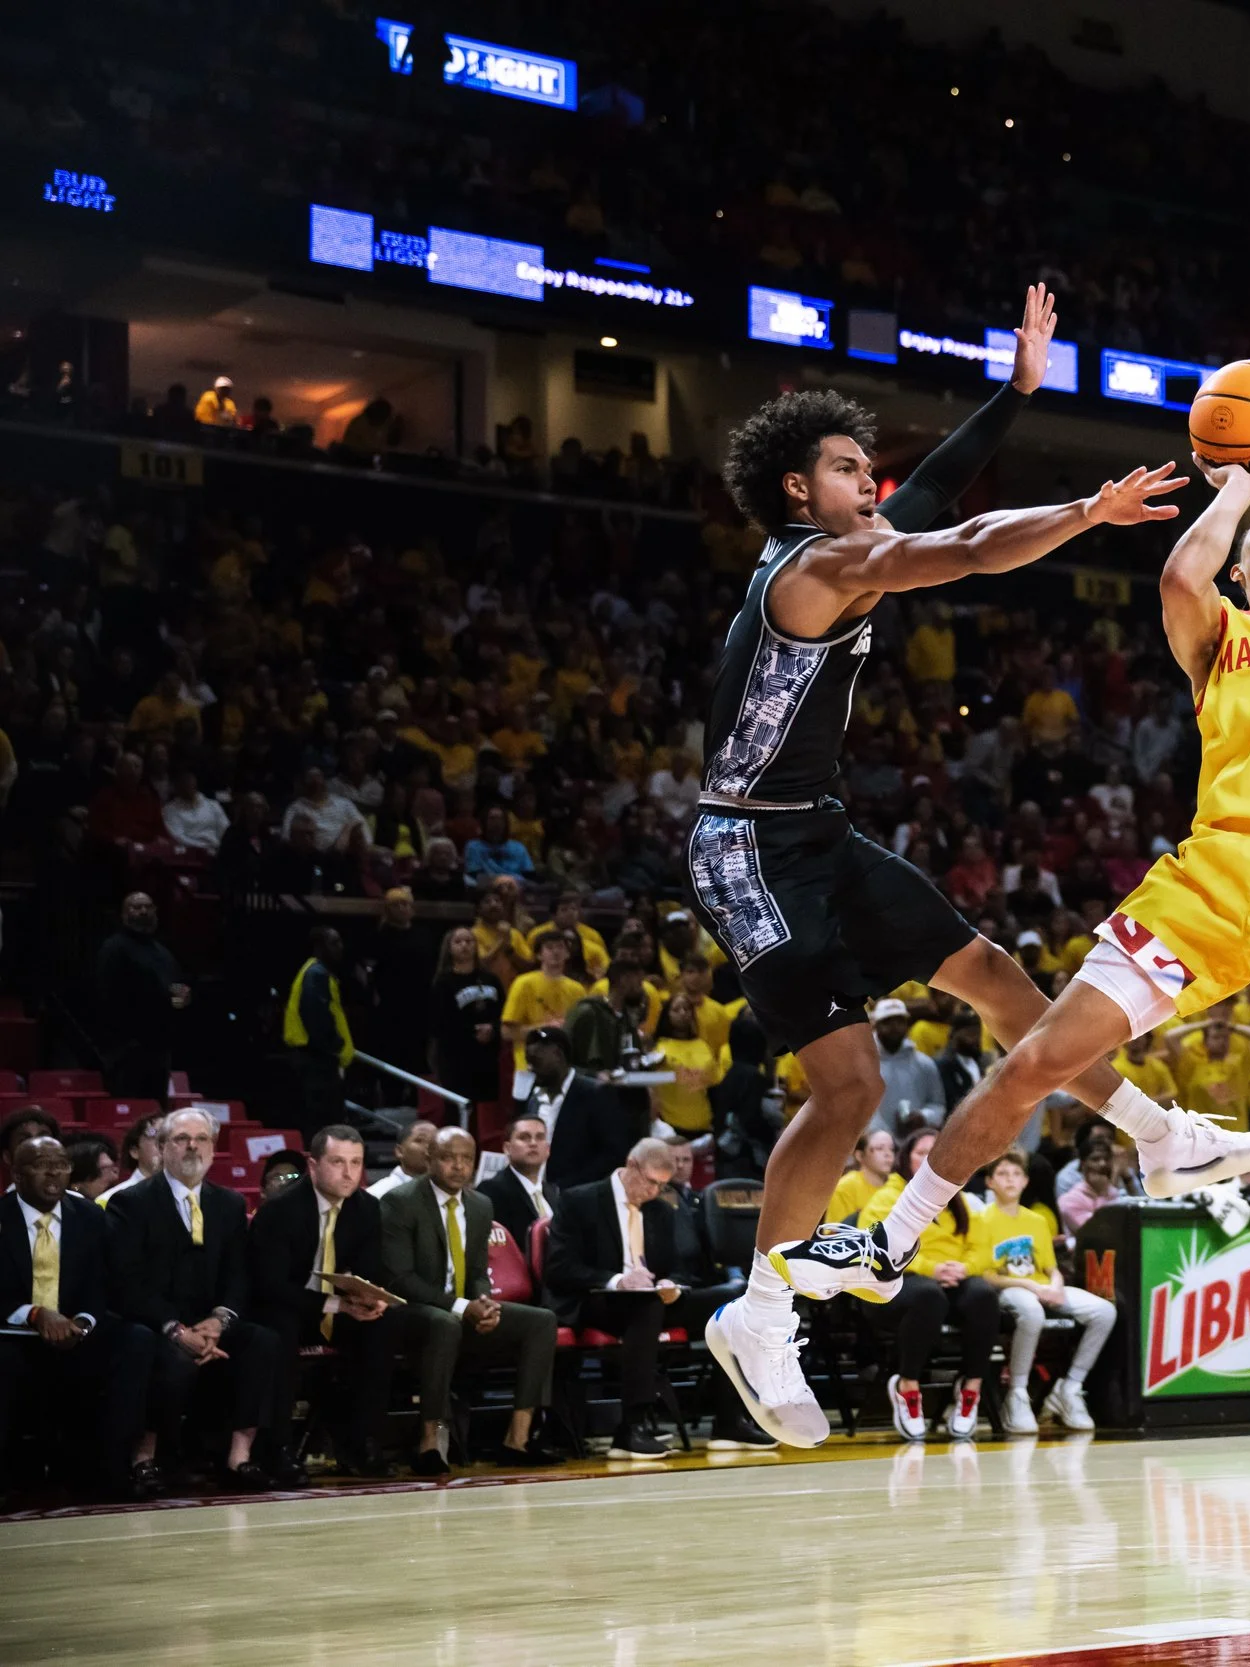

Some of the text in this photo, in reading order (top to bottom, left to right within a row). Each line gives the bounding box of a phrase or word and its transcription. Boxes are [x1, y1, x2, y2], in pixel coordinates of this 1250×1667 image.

[43, 182, 116, 213] LIGHT
[54, 168, 108, 194] BUD
[565, 270, 663, 306] Responsibly
[1085, 1250, 1116, 1304] M
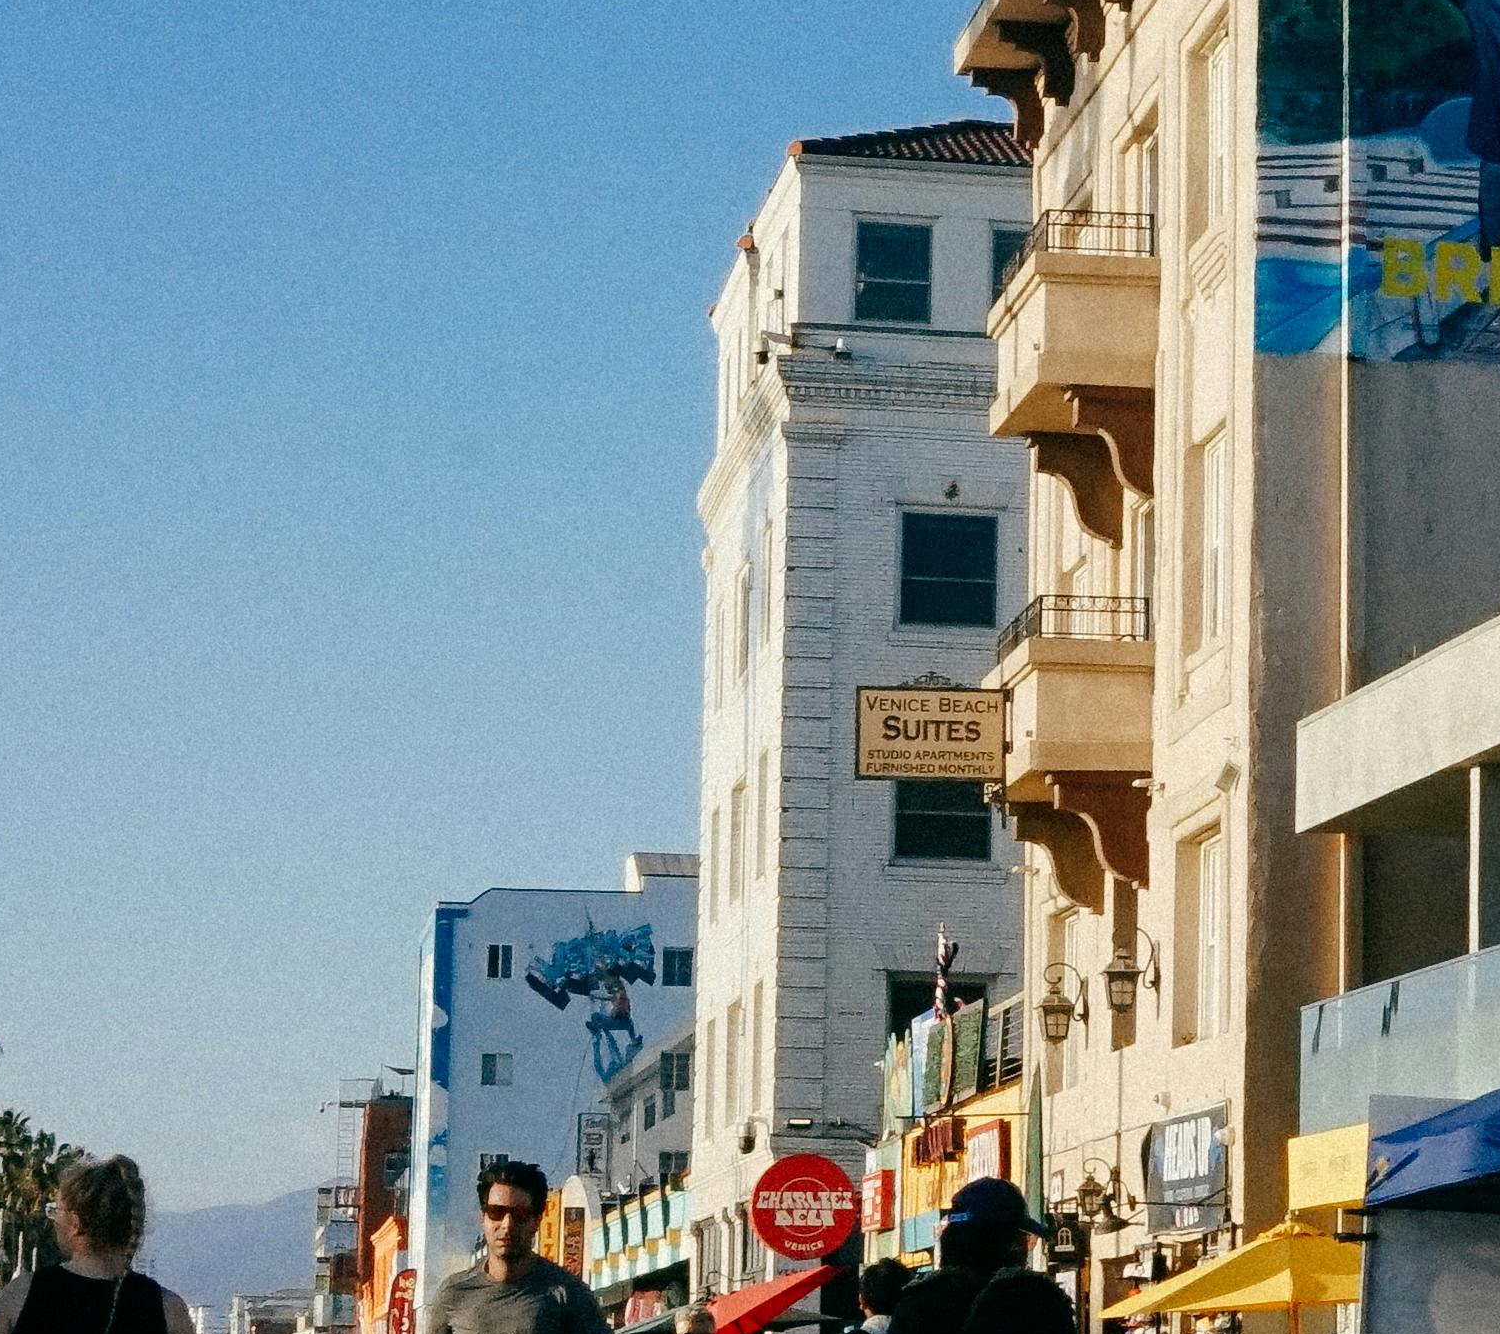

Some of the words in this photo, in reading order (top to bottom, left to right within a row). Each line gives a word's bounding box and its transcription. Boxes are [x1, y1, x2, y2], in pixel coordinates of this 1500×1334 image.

[865, 695, 930, 713] VENICE
[938, 696, 999, 714] BEACH
[882, 714, 981, 742] SUITES
[914, 750, 995, 762] APARTMENTS
[774, 1209, 836, 1227] DELI
[784, 1240, 825, 1253] VENICE
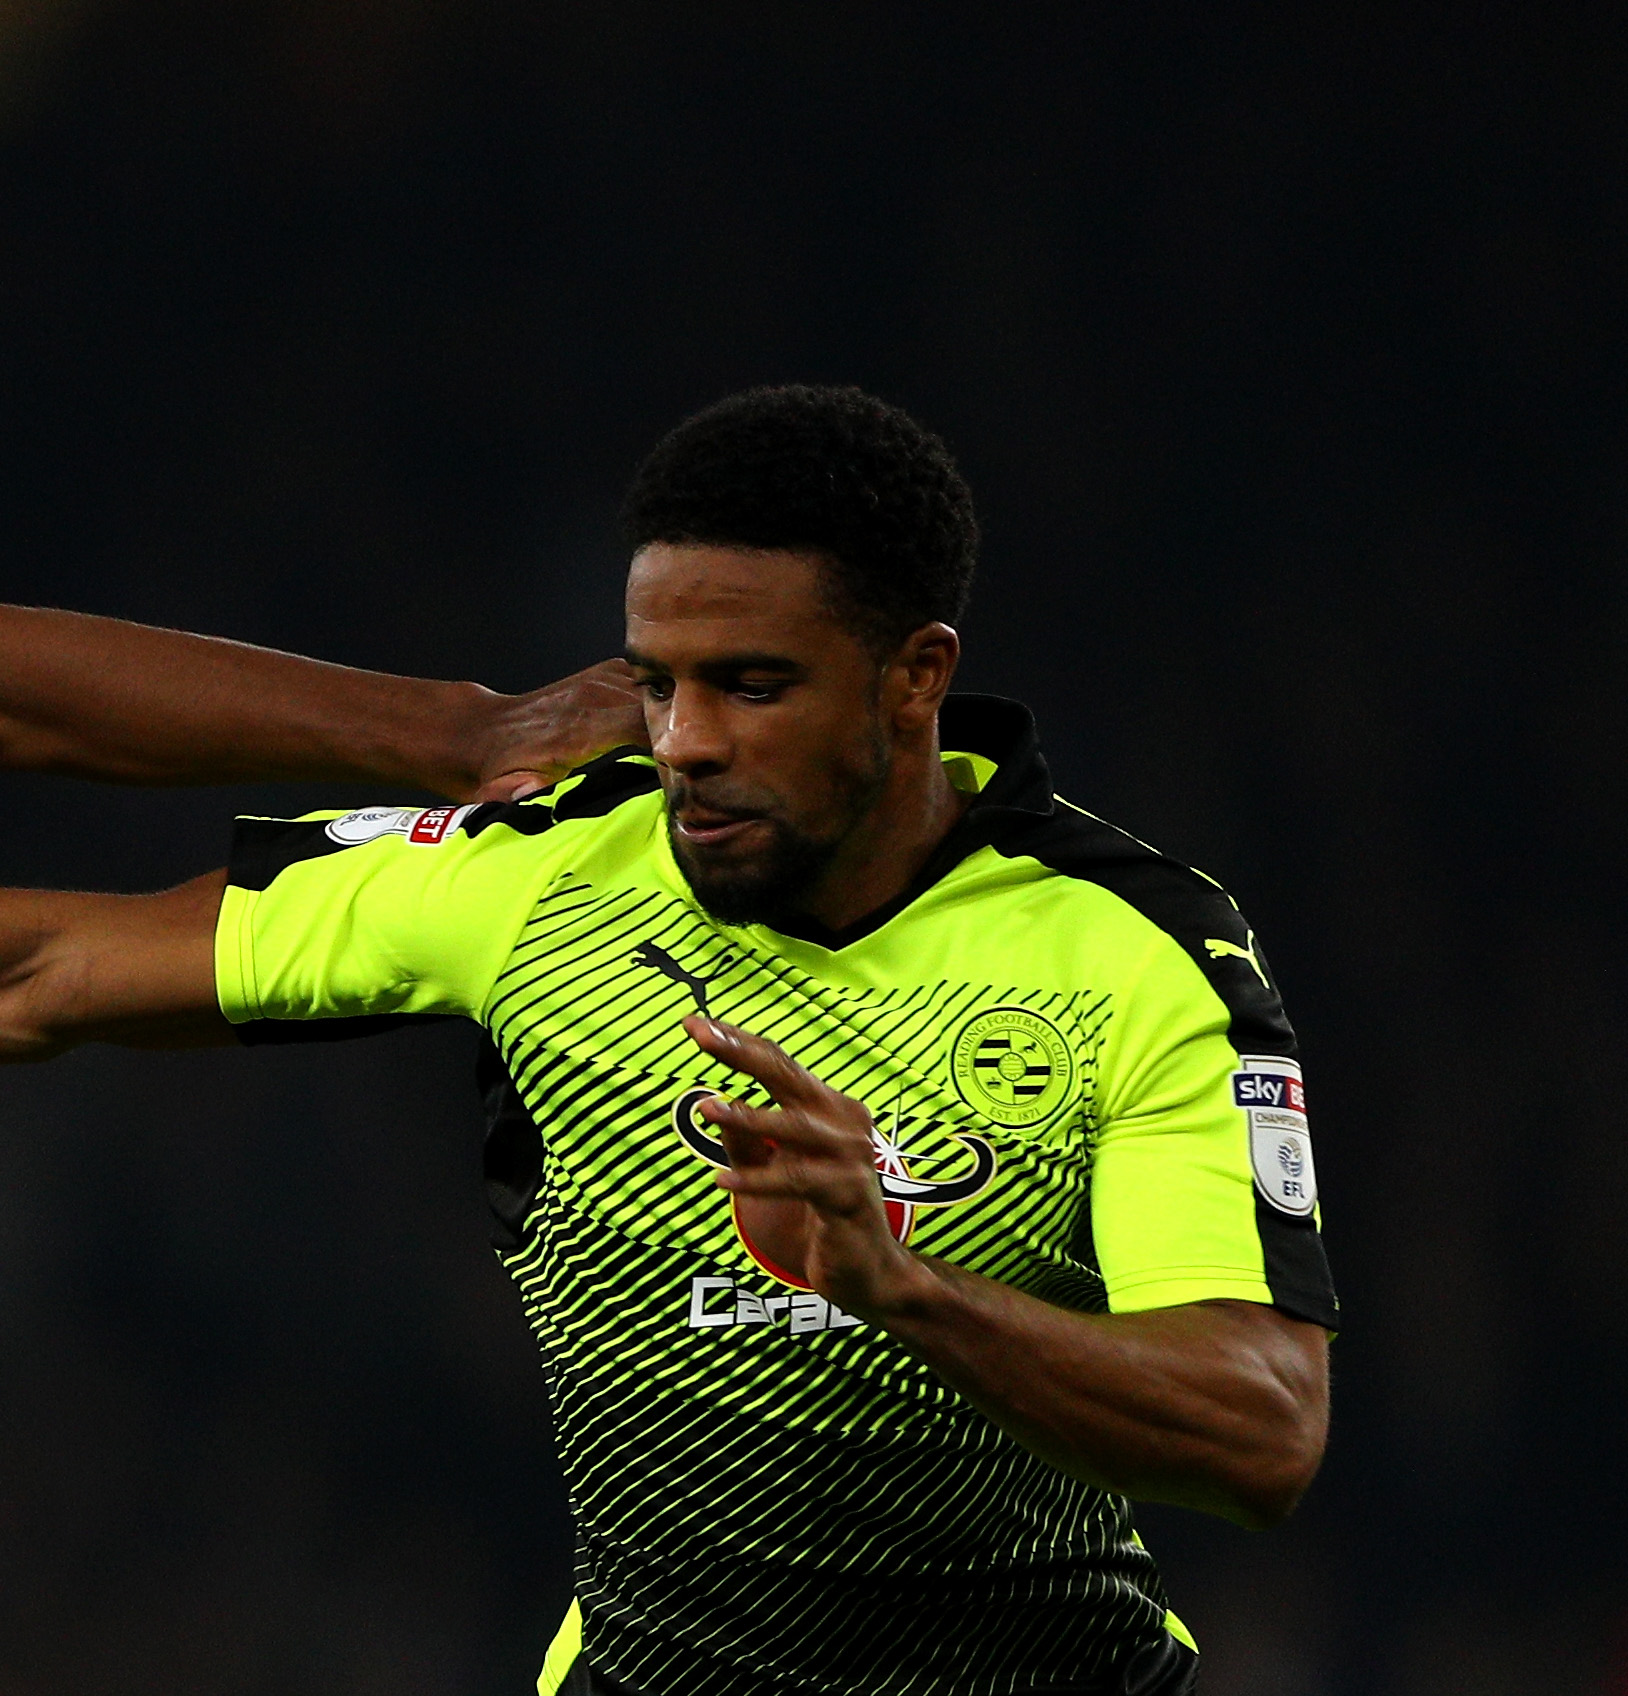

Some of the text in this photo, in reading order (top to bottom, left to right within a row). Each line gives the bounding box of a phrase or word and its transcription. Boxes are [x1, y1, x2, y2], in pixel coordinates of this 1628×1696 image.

[418, 809, 451, 839] BET
[957, 1013, 1068, 1078] READING FOOTBALL CLUB
[1238, 1075, 1284, 1106] sky
[688, 1276, 865, 1334] Cara

→ **How to complete this task**
What is needed is a verbatim copy of every entry, with the pictures omitted.

→ **Solution for this exercise**
Some of the text in this photo, in reading order (top to bottom, left to right within a row). Each line gives the bounding box of a phrase or word and its transcription. Boxes are [x1, y1, x2, y2], in pixel coordinates of this 1250×1667 image.

[43, 182, 116, 213] LIGHT
[54, 168, 108, 194] BUD
[565, 270, 663, 306] Responsibly
[1085, 1250, 1116, 1304] M

Some of the words in this photo, in reading order (top to bottom, left to right within a row). Each line gives a word's bounding box and its transcription. Boxes are [x1, y1, x2, y2], in pixel coordinates of this 1500×1334 image.

[865, 695, 930, 713] VENICE
[938, 696, 999, 714] BEACH
[882, 714, 981, 742] SUITES
[914, 750, 995, 762] APARTMENTS
[774, 1209, 836, 1227] DELI
[784, 1240, 825, 1253] VENICE

Some of the text in this photo, in reading order (top to bottom, left to right within a row). Each line gives the bounding box of a phrase or word and its transcription. Boxes are [x1, y1, x2, y2], in pixel coordinates of this 1628×1696 image.

[418, 809, 451, 839] BET
[957, 1013, 1068, 1078] READING FOOTBALL CLUB
[1238, 1075, 1284, 1106] sky
[688, 1276, 865, 1334] Cara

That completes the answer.